How to set up and use 2FA (two-factor authentication)?

Two factor authentication is a method of confirming a user’s claimed identity through two different factors - concretely it is a way to increase the security of your account. In Ledgy, this will be through the password and an authentication code.

How do I set up 2FA in Ledgy?


To set up 2FA for your Ledgy account, click on your name on the top right corner of your Ledgy page to navigate to My Settings.

 

In My Settings > Access Control, you will find a toggle to set up two-factor authentication for your personal account. Once the toggle is turned on, a pop up will guide you through a quick set up via downloading an authenticator app on your smartphone and scanning Ledgy's QR code. Once this is complete, you can use the authenticator app to a generate a code every time you log in. 

Some compatible authenticator apps include: 

Google Authenticator

Duo

Authy

Can I make it mandatory for all stakeholders in my company to use 2FA when using Ledgy?

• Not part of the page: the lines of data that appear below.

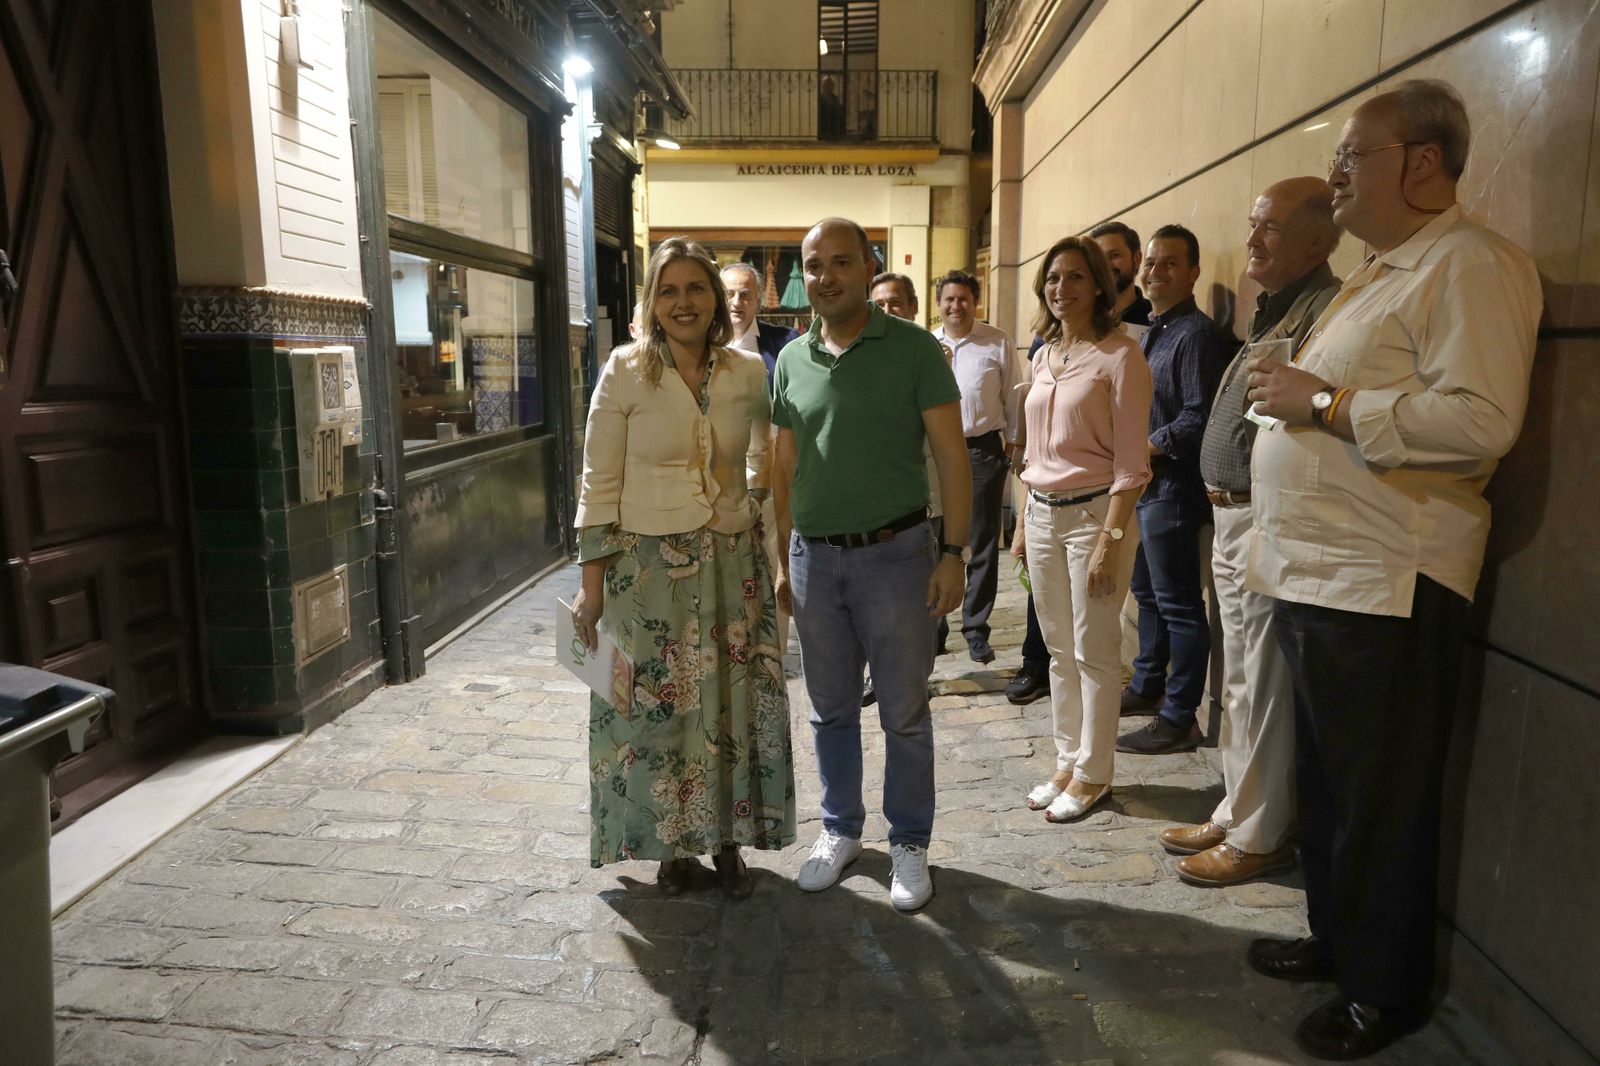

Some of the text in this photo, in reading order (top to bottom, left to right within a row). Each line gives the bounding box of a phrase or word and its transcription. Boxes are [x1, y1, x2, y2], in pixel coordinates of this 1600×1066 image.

[832, 165, 850, 176] DE
[854, 165, 872, 176] LA
[877, 165, 916, 177] LOZA
[570, 633, 587, 667] VO
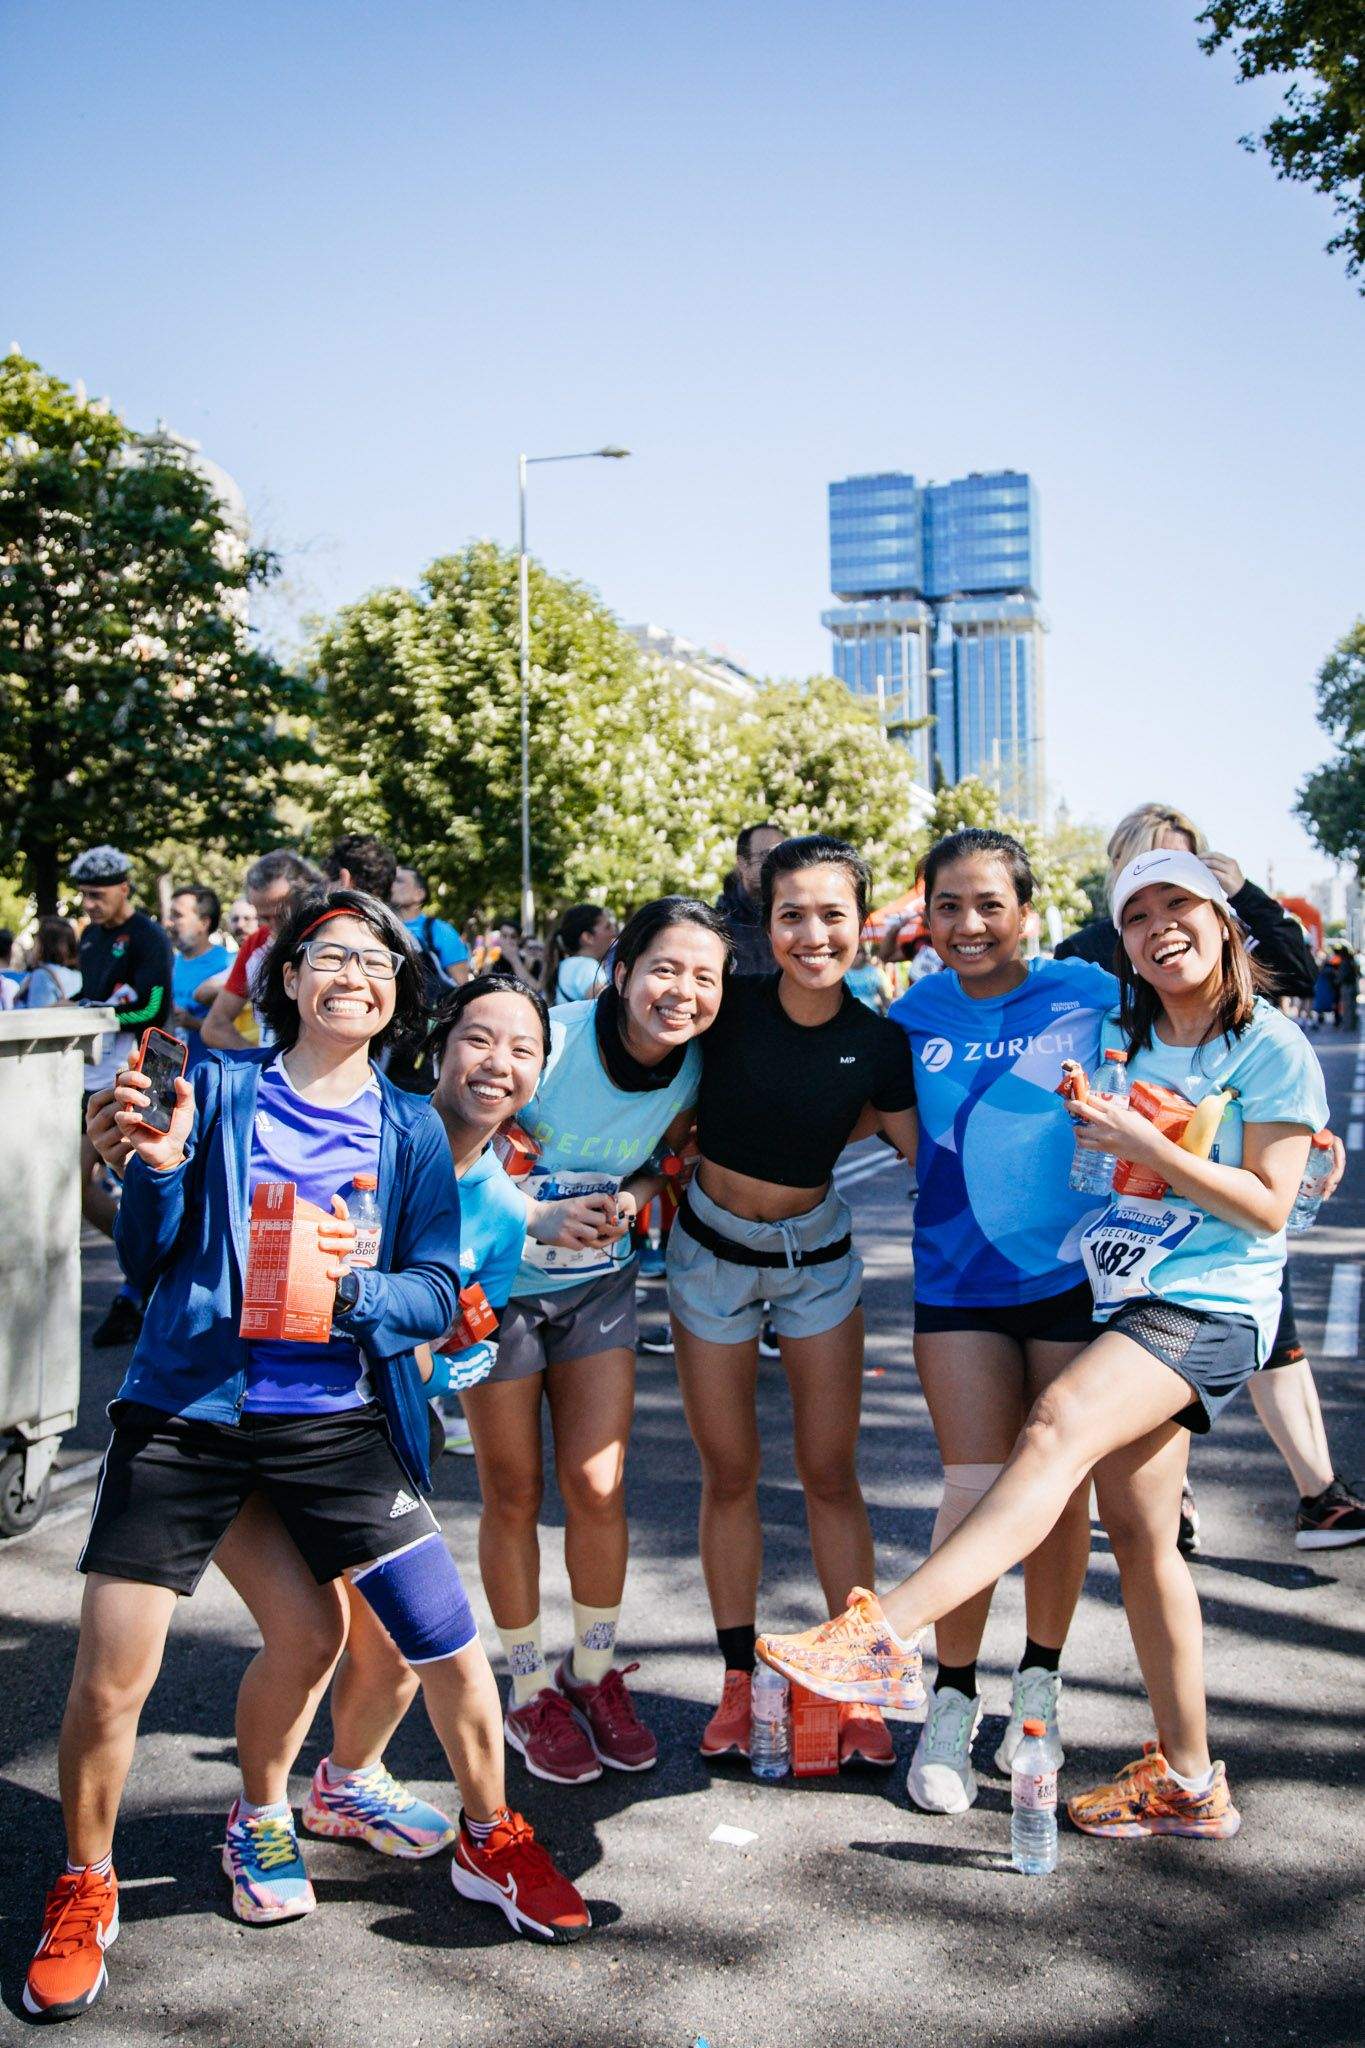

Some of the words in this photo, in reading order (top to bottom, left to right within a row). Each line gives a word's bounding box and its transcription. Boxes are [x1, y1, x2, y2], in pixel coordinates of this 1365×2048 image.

[963, 1033, 1074, 1062] ZURICH
[840, 1056, 856, 1064] MP
[1115, 1210, 1170, 1228] BOMBEROS
[1101, 1227, 1156, 1245] DECIMAS
[389, 1500, 420, 1519] adidas
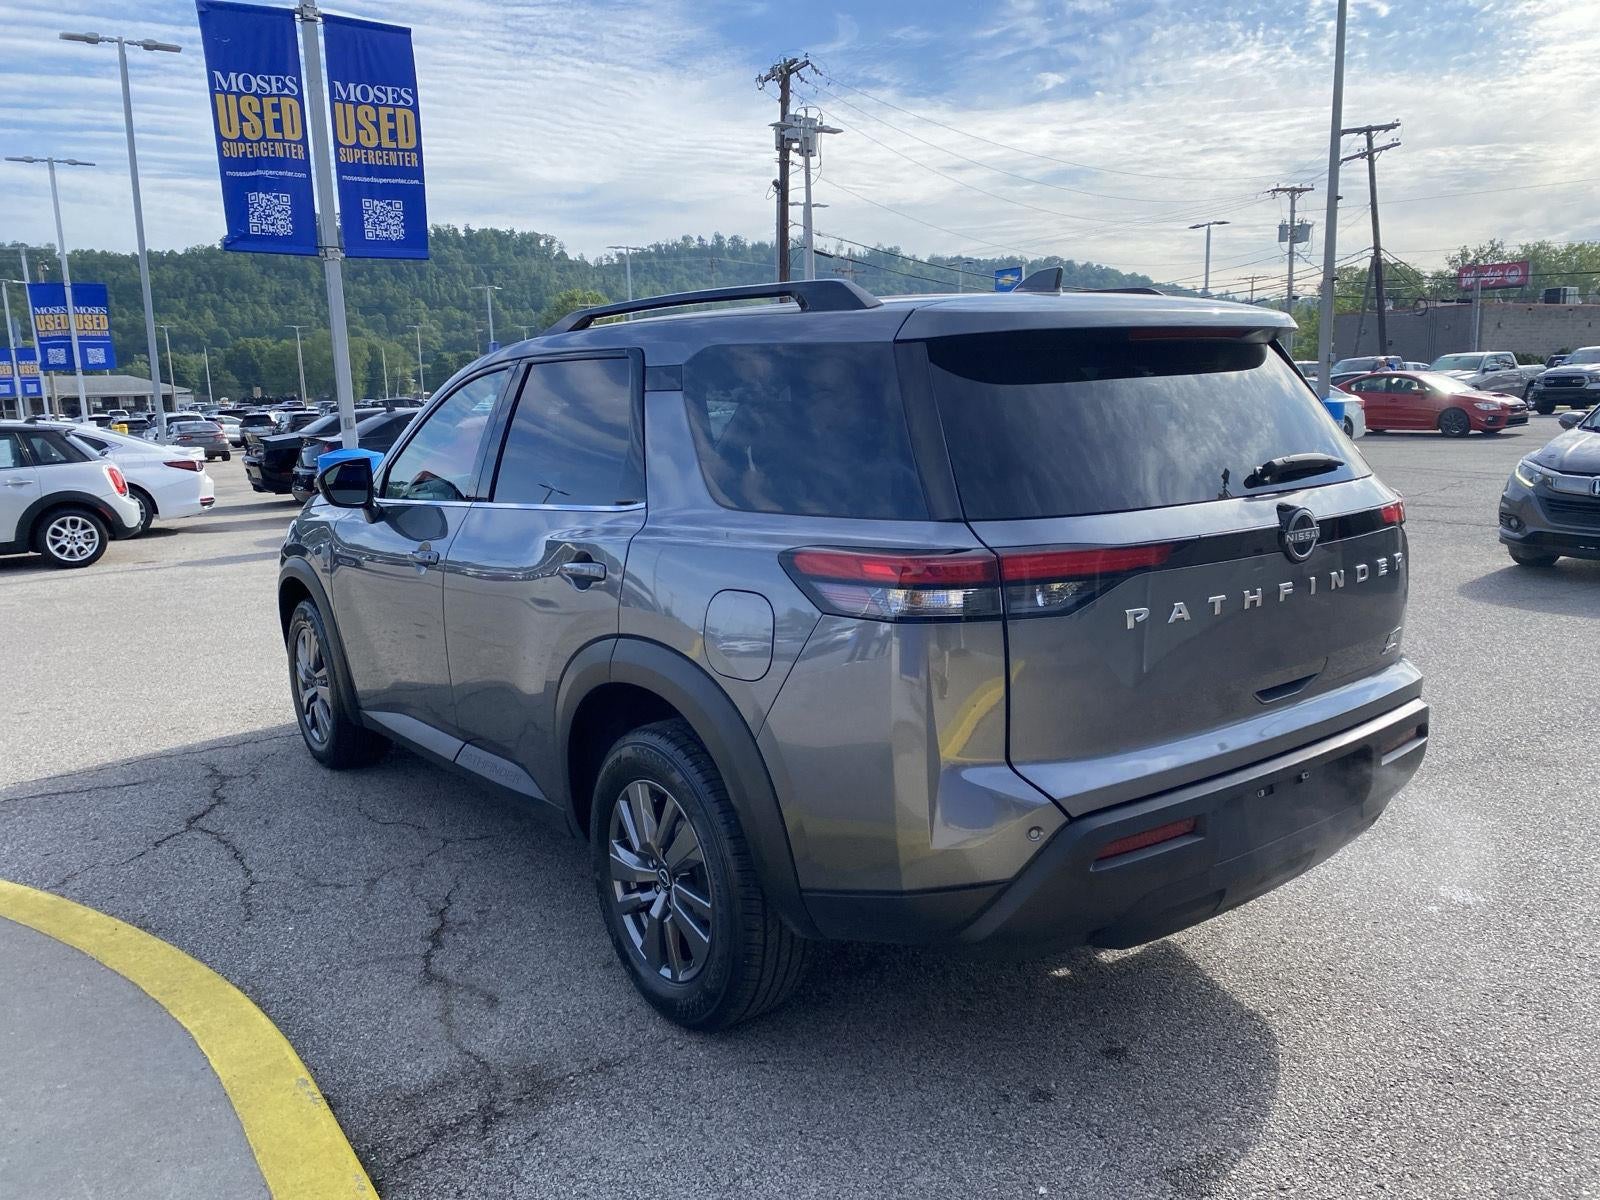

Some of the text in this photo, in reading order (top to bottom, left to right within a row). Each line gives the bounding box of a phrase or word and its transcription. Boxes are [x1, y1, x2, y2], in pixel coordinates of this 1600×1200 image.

[213, 71, 298, 95] MOSES
[333, 81, 413, 106] MOSES
[215, 94, 303, 140] USED
[335, 103, 417, 149] USED
[222, 141, 305, 160] SUPERCENTER
[339, 147, 419, 168] SUPERCENTER
[226, 169, 307, 179] mosesusedsupercenter.com
[342, 175, 420, 185] mosesusedsupercenter.com
[1462, 267, 1503, 287] Wndy's
[35, 315, 69, 330] USED
[75, 315, 109, 330] USED
[1286, 530, 1320, 542] NISSAN
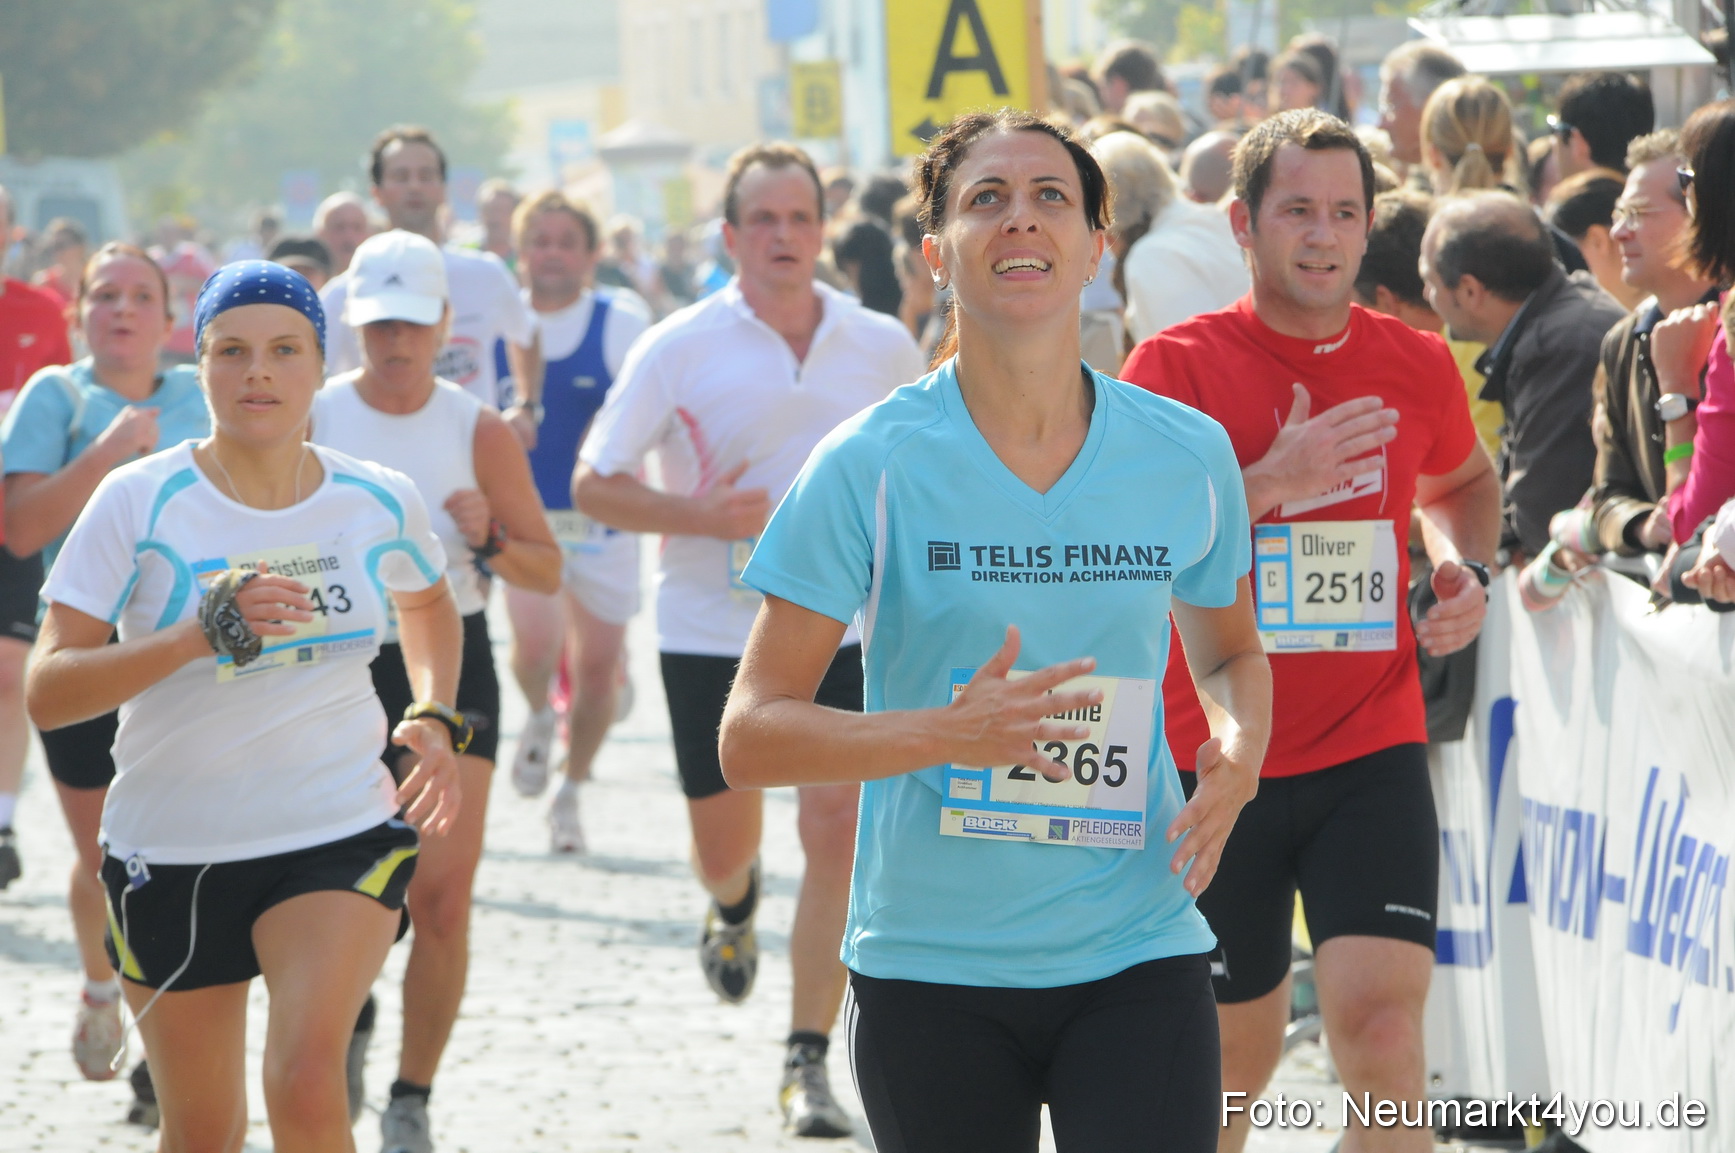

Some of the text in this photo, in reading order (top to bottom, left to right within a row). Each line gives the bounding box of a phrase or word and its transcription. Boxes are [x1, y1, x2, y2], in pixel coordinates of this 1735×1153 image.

[925, 0, 1011, 98] A
[1301, 534, 1356, 556] Oliver
[969, 544, 1172, 568] TELIS FINANZ
[971, 569, 1173, 584] DIREKTION ACHHAMMER
[1267, 570, 1277, 588] C
[1305, 571, 1385, 604] 2518
[963, 815, 1018, 831] BOCK
[1072, 820, 1142, 837] PFLEIDERER

For companies, Owner-level collaborators (Company Settings > Collaborators) can also turn on two-factor authentication for all stakeholders and collaborators by default. This will enforce 2FA as a login requirement.




You can turn on 2FA in the Company Settings (left bar) > Access Control. If 2FA is not yet turned on in the Owner's personal account settings, a link will guide you to complete this step first.



Once 2FA is enabled, all stakeholders and collaborators in the company will be prompted with the requirement to enable 2FA as soon as they next log in to their Ledgy account. This applies to all current stakeholders and collaborators, as well as future recipients of Ledgy invitations.

What if a user loses access to their 2FA authentication device?

The 2FA requirement can be disabled by a user by using their Recovery Code. This code is only available to the user at the point of setting up their 2FA device.



With the Recovery Code, the user can proceed to log in to Ledgy, bypassing the 6 digit authentication by clicking Use recovery code:



Once the matching email and recovery code have been submitted, the user will receive will receive by email a confirmation that the 2FA requirement has been disabled for their account.